Plans for locating United States Army Air Forces heavy bomber groups dated back to before America's entry into the war, when RAF Thurleigh was tentatively designated in November 1941. Initial concepts anticipated that 75 heavy bomb groups would eventually be based in East Anglia and the Huntingdon area in five bombardment wings (later termed air divisions), but the first plan on 24 March 1942, called for 45 groups, with four to be moved to the UK by June. This did not come to pass (of the four groups, only one eventually came to the UK, in 1944) but 75 fields were allocated by the Air Ministry on 10 August 1942 for VIII Bomber Command.

From 19 August 1942 to 25 June 1945, Bassingbourn served as headquarters for the 1st Combat Bombardment Wing of the 1st Bomb Division.
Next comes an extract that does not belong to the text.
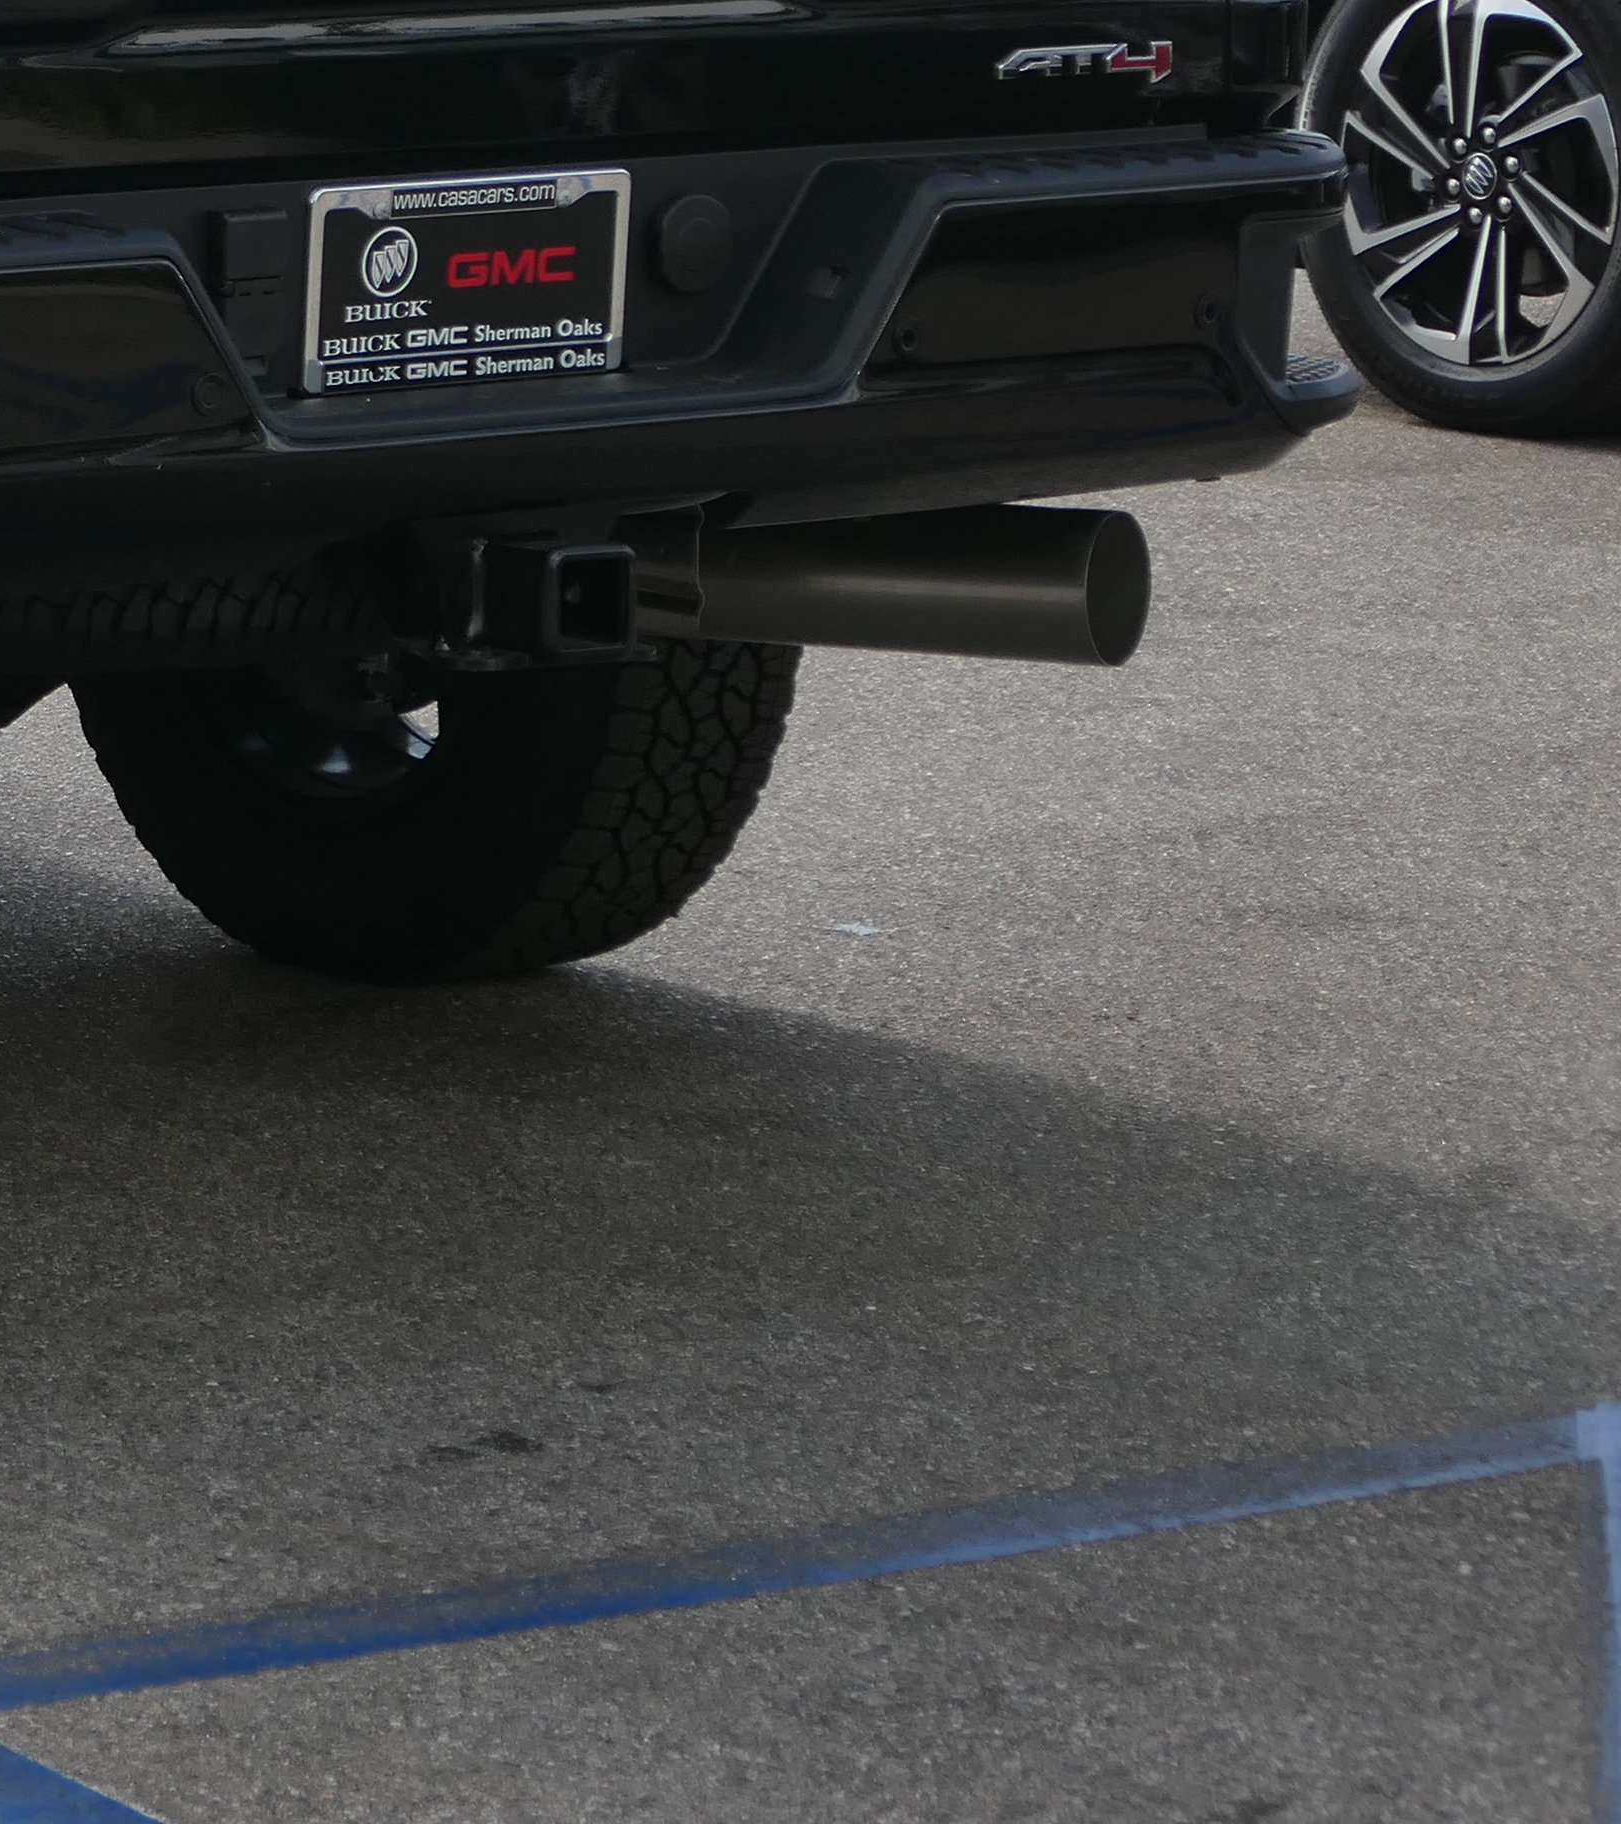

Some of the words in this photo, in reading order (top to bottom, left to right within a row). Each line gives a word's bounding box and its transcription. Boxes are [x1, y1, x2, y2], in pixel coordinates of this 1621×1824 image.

It was assigned USAAF designation Station 121.

USAAF Station Units assigned to RAF Bassingbourn were:
- 441st Sub-Depot (VIII Air Force Service Command)
- 18th Weather Squadron
- 1st Station Complement Squadron
Regular Army Station Units included:
- 831st Engineer Aviation Battalion
- 204th Quartermaster Company
- 1696th Ordnance Supply & Maintenance Company
- 863rd Chemical Company (Air Operations)
- 982nd Military Police Company
- 985th Military Police Company
- 2024th Engineer Fire Fighting Platoon
- 206th Finance Section
- 3rd Mobile Training Unit
- 556th Army Postal Unit

=== 91st Bombardment Group (Heavy) ===
The 91st Bomb Group, equipped with Boeing B-17 Flying Fortress heavy bombers, moved into Bassingbourn on 14 October 1942. The group had originally been assigned to RAF Kimbolton in Huntingdonshire, but Kimbolton's runways were not strong enough to support B-17 operations, so the 91st moved into Bassingbourn, which as a pre-war RAF station, was relatively well appointed compared to war-built airfields, gaining the nickname "the country club".

The 91st BG was assigned to the 1st Combat Bombardment Wing, which was also based at Bassingbourn from September 1943. The group tail code (after June 1943) was a "Triangle A". Its operational squadrons and fuselage codes were:
- 322d Bombardment Squadron (LG)
- 323d Bombardment Squadron (OR)
- 324th Bombardment Squadron (DF)
- 401st Bombardment Squadron (LL)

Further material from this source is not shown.